This is the companion post to Biomedical Basics for AI/ML People, which covers molecular biology, genomics, proteins, and drug discovery. Here we focus on the clinical practice side — the data that comes from hospitals and patient care.

We’ll cover two major areas where AI is making an impact: medical imaging and electronic health records (EHR).

Medical Imaging

Imaging Modalities

Modality What It Captures Typical Data Format
X-ray 2D projection of dense structures (bones, lungs). 2D grayscale image
CT (Computed Tomography) 3D volume from multiple X-ray angles. Good for anatomy. 3D volume (stack of 2D slices)
MRI (Magnetic Resonance Imaging) 3D soft tissue detail using magnetic fields. Multiple contrast types (T1, T2, FLAIR). 3D volume, often multi-channel
Ultrasound Real-time imaging using sound waves. Common for obstetrics, cardiac. 2D or 3D, often video
PET (Positron Emission Tomography) Metabolic activity using radioactive tracers. Often combined with CT (PET/CT). 3D volume, low resolution
Histopathology Microscopic images of tissue (biopsies). Stained and digitized as whole slide images. Very large 2D images (gigapixel-scale)
Fundoscopy / OCT Retinal imaging. Fundus photos (2D) or OCT scans (3D cross-sections). 2D or 3D

Key Terms

Term What It Is
DICOM The standard file format for medical images.
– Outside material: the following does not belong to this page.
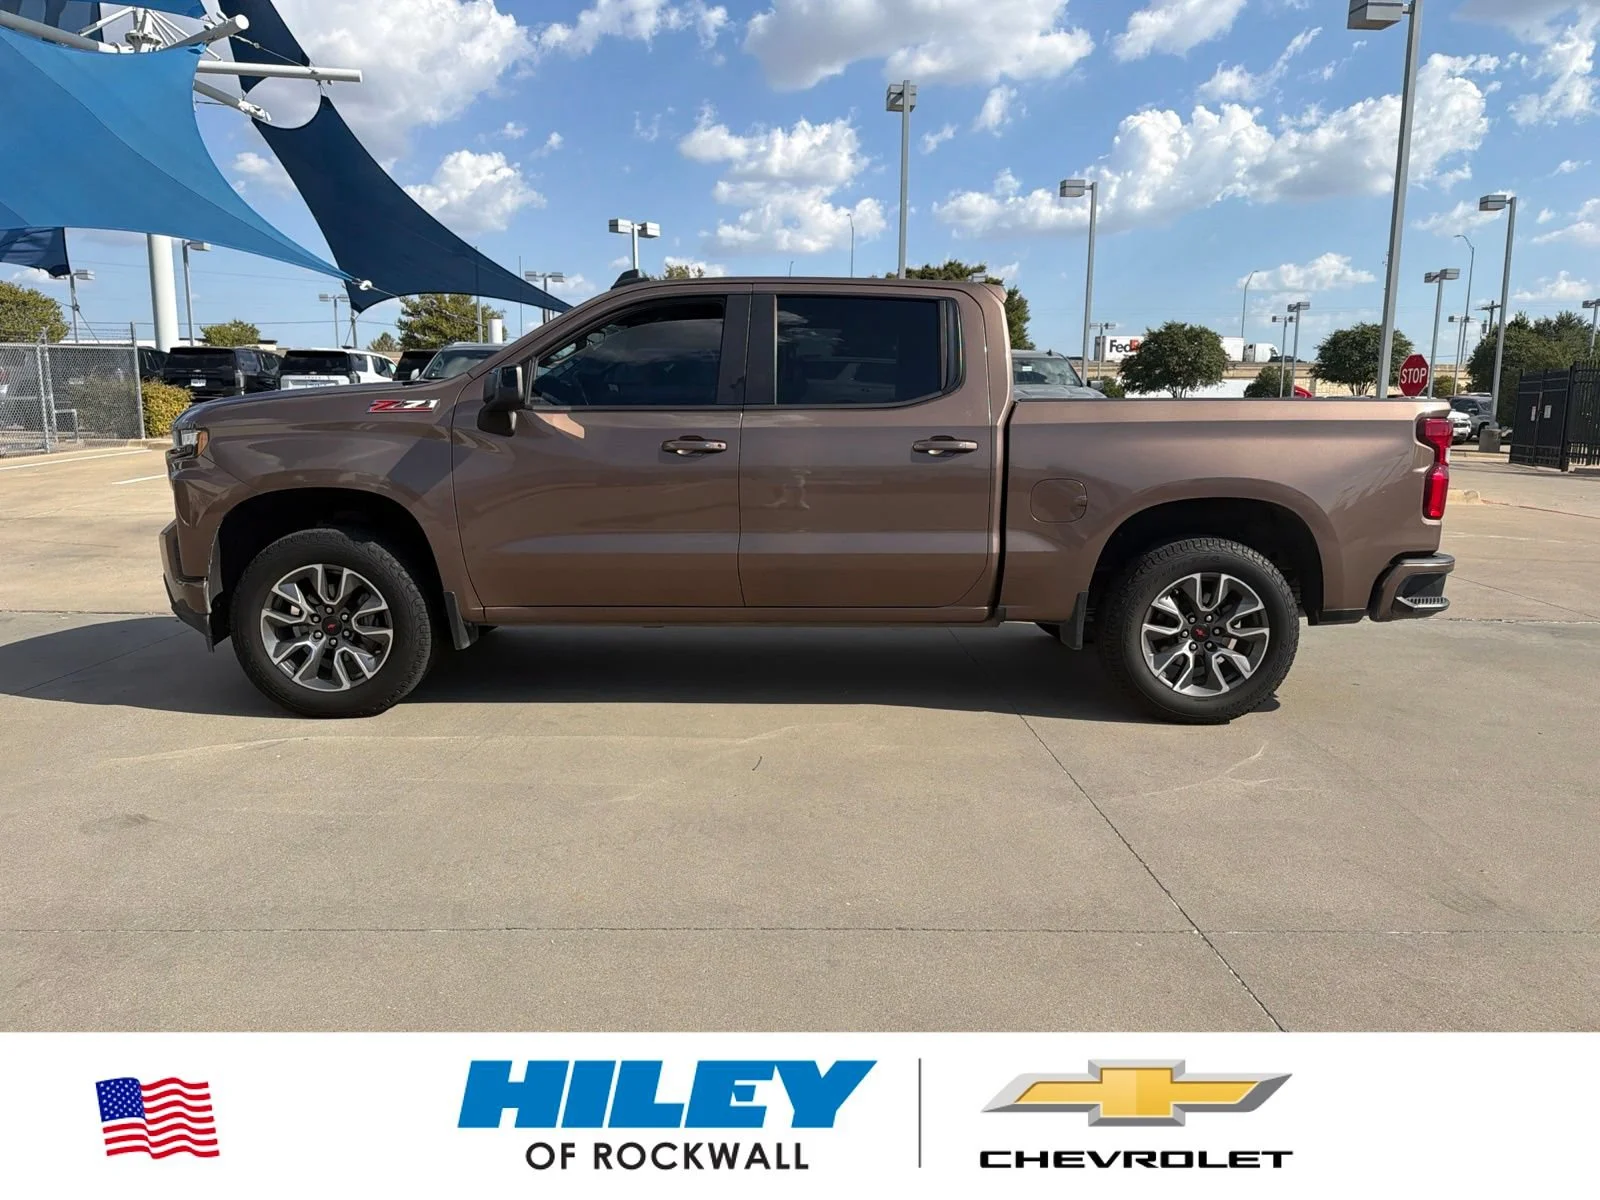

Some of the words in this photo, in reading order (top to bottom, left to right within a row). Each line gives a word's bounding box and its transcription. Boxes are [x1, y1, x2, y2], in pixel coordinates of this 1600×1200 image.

Contains pixel data + rich metadata (patient info, acquisition parameters).
Segmentation Delineating structures (organs, tumors) in an image.
CAD (Computer-Aided Detection/Diagnosis) Systems that flag suspicious regions for a radiologist to review.
ROI (Region of Interest) A marked area in an image for analysis.
Whole Slide Image (WSI) A digitized pathology slide, often 100,000 × 100,000 pixels.
Radiomics Extracting quantitative features from medical images.

Where AI Fits In

  • Classification: Disease detection from images (e.g., diabetic retinopathy from fundus photos, pneumonia from chest X-rays).
  • Segmentation: Organ and tumor delineation in CT/MRI (U-Net and variants dominate).
  • Detection: Localizing lesions, nodules, or fractures (object detection on medical images).
  • Registration: Aligning images from different time points or modalities.
  • Report generation: Generating radiology reports from images (vision-language models).
  • Digital pathology: Classifying cancer subtypes and grading from whole slide images (multiple instance learning).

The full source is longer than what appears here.